To do this, users need to know how to manage their own data. Medical staff must teach and encourage users to be able to analyze and manage their patient-generated healthcare data (PGHD).30 Through this process, users should be able to find medical values from the digital devices. In addition, medical staff should motivate users to continue to use digital healthcare devices to collect PGHD. Medical staff should not only focus on providing personalized customized content to users but also help them understand what kind of customized content they need. However, this is not an easy task, because medical staff are often not experienced in the use of digital healthcare. We need to train paramedical professionals about digital healthcare management to communicate with and educate physicians and patients about the devices and their uses. It is difficult for physicians alone to promote the use of digital healthcare, so these trained digital healthcare professionals composed of nurses, pharmacists, nutritionists, and exercise trainers must assist patients to make them understand and utilize digital healthcare devices.

ARE MEDICAL VALUES BEING COMMUNICATED TO USERS PROPERLY?

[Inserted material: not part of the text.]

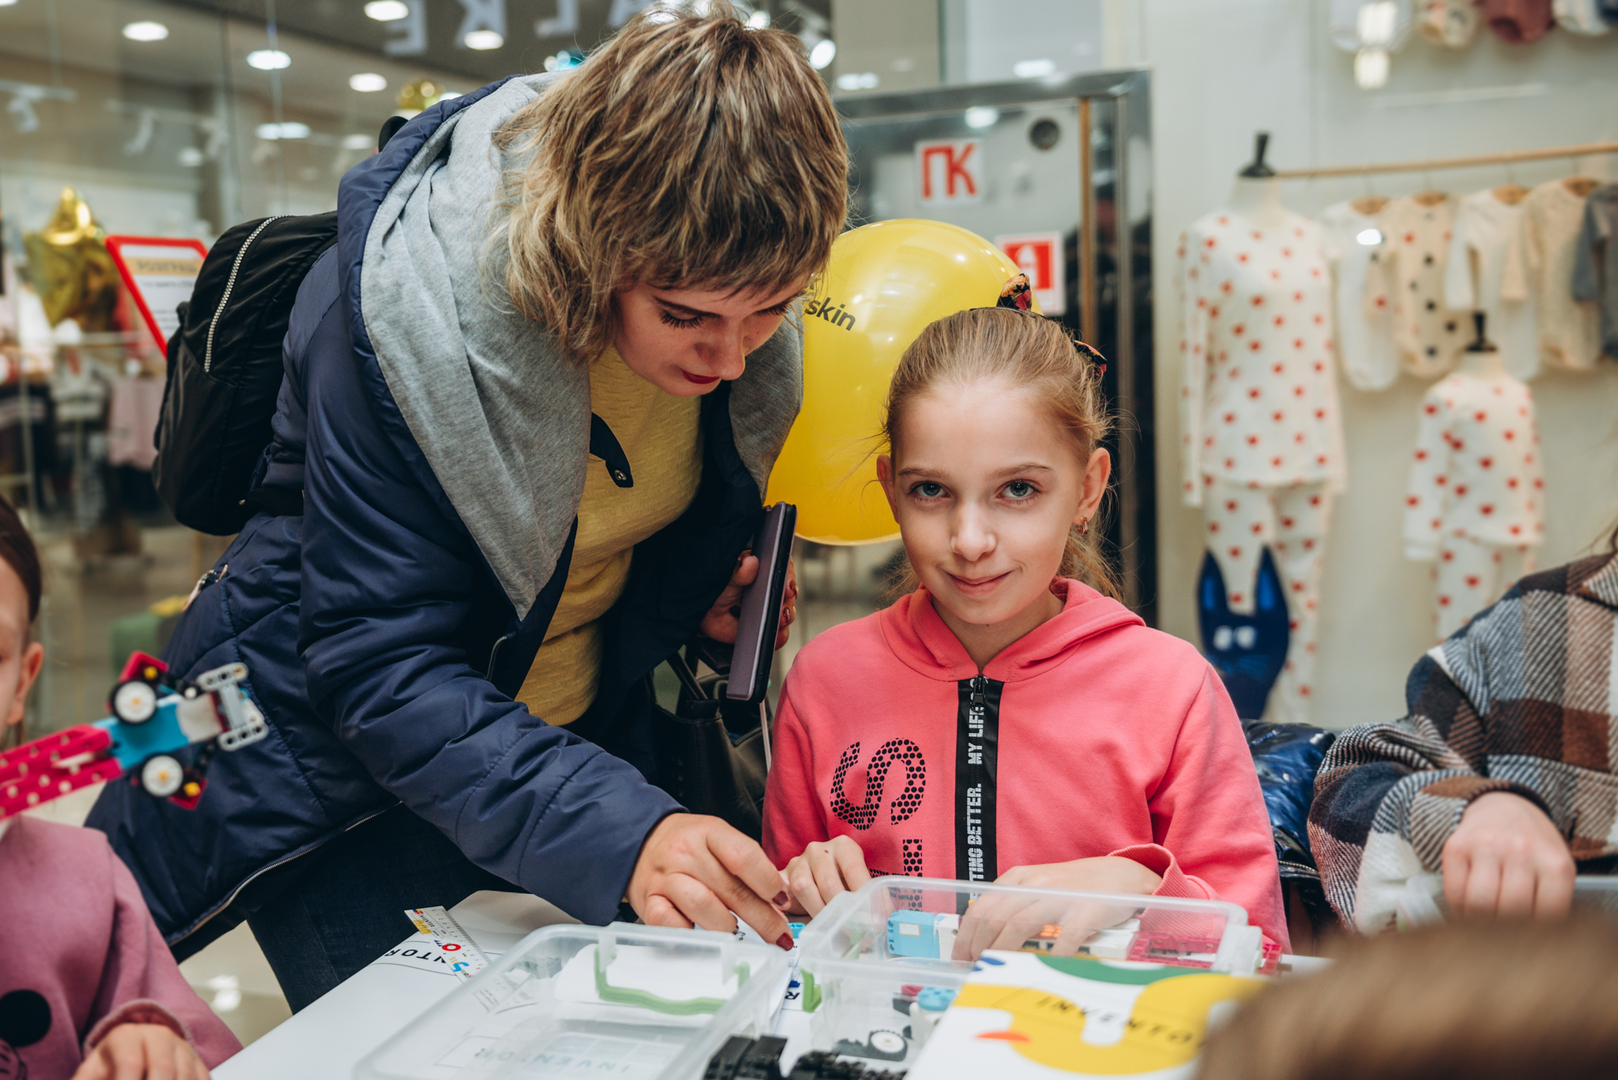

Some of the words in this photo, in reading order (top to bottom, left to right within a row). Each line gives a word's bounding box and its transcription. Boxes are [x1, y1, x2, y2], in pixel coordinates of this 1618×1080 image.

Digital healthcare aims to change the patient's lifestyle, but it is better to abandon the expectation that the use of simple digital healthcare devices and apps can artificially change lifestyles.31 In addition, contrary to the expectations of developers and medical staff, users are unfamiliar with the medical data and charts provided by existing medical apps,26 and they are not sure what their measured data means (Table 2). Users do not specifically know what behavior changes they need to make from looking at medical data and information, and there is not enough content to lead to changes in behavior. Digital healthcare devices cannot make use of human touch for interpretation of reports; therefore, instructions are interpreted by patients as unnecessary spam messages. To overcome this, it is necessary to determine what kind of behavioral changes will be recommended to users by seeing their accumulated tracking data. Educating patients about how to utilize the device and understand its value are important, but the way patient health is measured is more important when they do not recognize it. Digital healthcare devices increasingly require automatic measurement and storage of information and recorded data in a non-invasive, continuous way.4 28 29

Table 2

Reasons why users do not use digital healthcare constantly

Problems			Possible solutions
Before purchase of digital healthcare devices
	Lack of interest in healthcare		Need for healthcare management education
		- Lack of understanding of chronic diseases	Education on the necessity of checking in daily life
	Lack of motivation for health improvement		Promoting social consensus on necessity
		- Good access to hospital
		- Hassle, troublesome
	Lack of expectations
	Not desperately needed
	Uneasy about depending on it
When to purchase a digital healthcare devices
	Burden of purchase cost		Alternative ways of documenting health information and managing illnesses
	Difficulty in the registration process before use
	Difficulty learning how to use
Digital healthcare devices in use
	Difficult to use/operate		Secure evidence
	Busy, troublesome, annoying		Training and securing digital healthcare professionals
	Continuously check and monitor results		Need of a group of operational experts
	Feedback quality is poor		Education on self-health management
	Service is perceived as spam		Providing immediate service
	No feedback that could cause behavior change		User interface/user experience design
	Over time, the same pattern is no longer new		Discarding existing unnecessary things
	Poor digital literacy		Continuous content upgrade
	Fear of personal information exposure		From invasive to non-invasive check
	Do not understand the service		From intermittent to continuous check
	Need a constant helper		Strengthening the security system
	The question of whether the data is reliable (result)		Paradoxically, aiming at a point in time that can be managed without system help
	Doesn't fit user's style (Inhuman message/service)
	Low reliability

Further, self-analysis of the data generated from devices is important, but it is more important to create a healthcare service that blends into the patient's daily life, so that they can continuously create data.4 Ensuring that users keep using the device is a top priority. Only then will we be able to determine if the device is working properly.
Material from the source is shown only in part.